C1-Symmetric Heterocyclic Zirconocenes as Catalysts for Propylene Polymerization, 1

The synthesis of C1‐symmetric zirconocene complexes bearing the 2,5‐dimethyl‐7H‐cyclopenta[1,2‐b:4,3‐b′]dithiophene ligand (S2‐3) linked to substituted cyclopentadienes is described. Different syntheses of S2‐3, the common intermediate for the preparation of these complexes, are discussed.
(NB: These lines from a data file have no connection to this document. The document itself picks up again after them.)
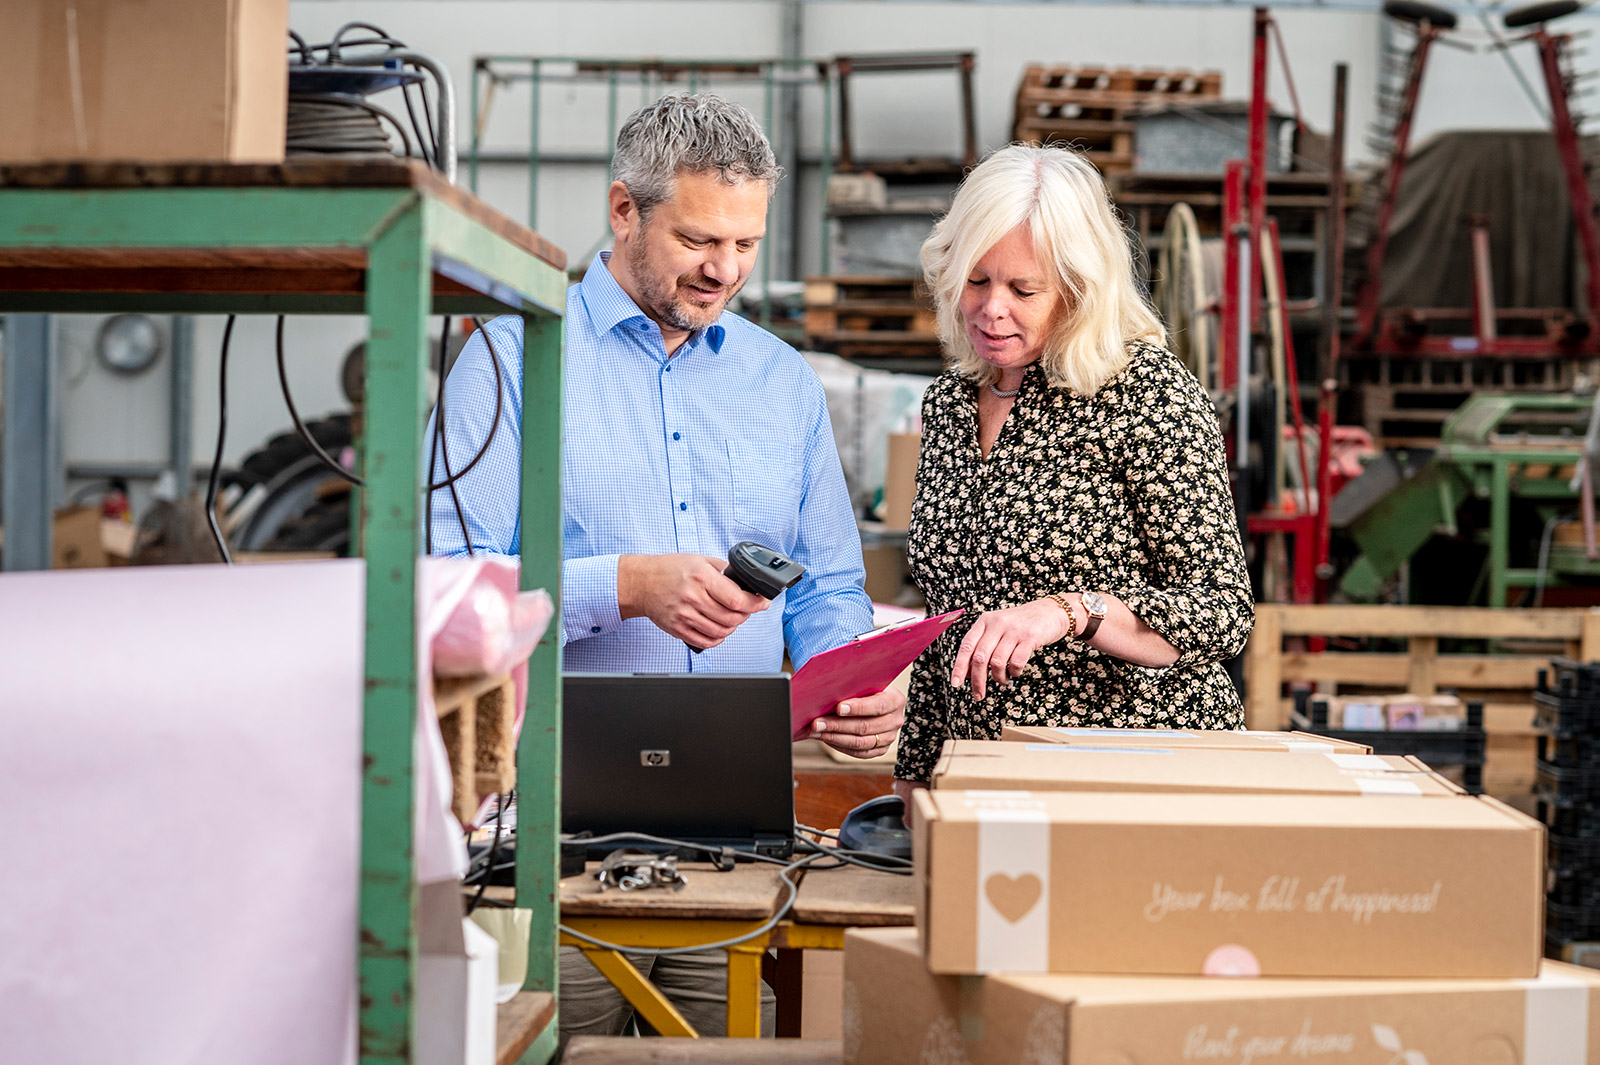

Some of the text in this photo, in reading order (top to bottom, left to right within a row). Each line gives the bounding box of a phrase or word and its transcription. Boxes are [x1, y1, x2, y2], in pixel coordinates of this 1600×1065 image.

[646, 751, 665, 766] hp
[1209, 873, 1250, 914] box
[1256, 874, 1300, 913] full
[1305, 874, 1337, 913] of
[1330, 873, 1442, 923] happiness!
[1239, 1035, 1288, 1065] your
Many of these complexes have been found to be highly active in propylene polymerization, to require very low amounts of methylalumoxane to be activated, and to produce poly(propylene)s of low isotacticity and melting points. 13C NMR analysis shows that the poly(propylene)s are fully regioregular and that the stereoerrors are randomly distributed, as shown by the enantiomorphic‐site triad test E ≈ 1. The experimental pentad distribution was fitted using a two‐site model with different probability parameters for each site. The probability of chain back‐skip was also taken into account. The molecular weight and crystallinity of the poly(propylene)s are dependent upon the type of substituents on the cyclopentadienyl ring, and the correlation between mmmm content and melting point of the PP confirms the random distribution of stereoerrors. Correlation between % mmmm pentad and melting point.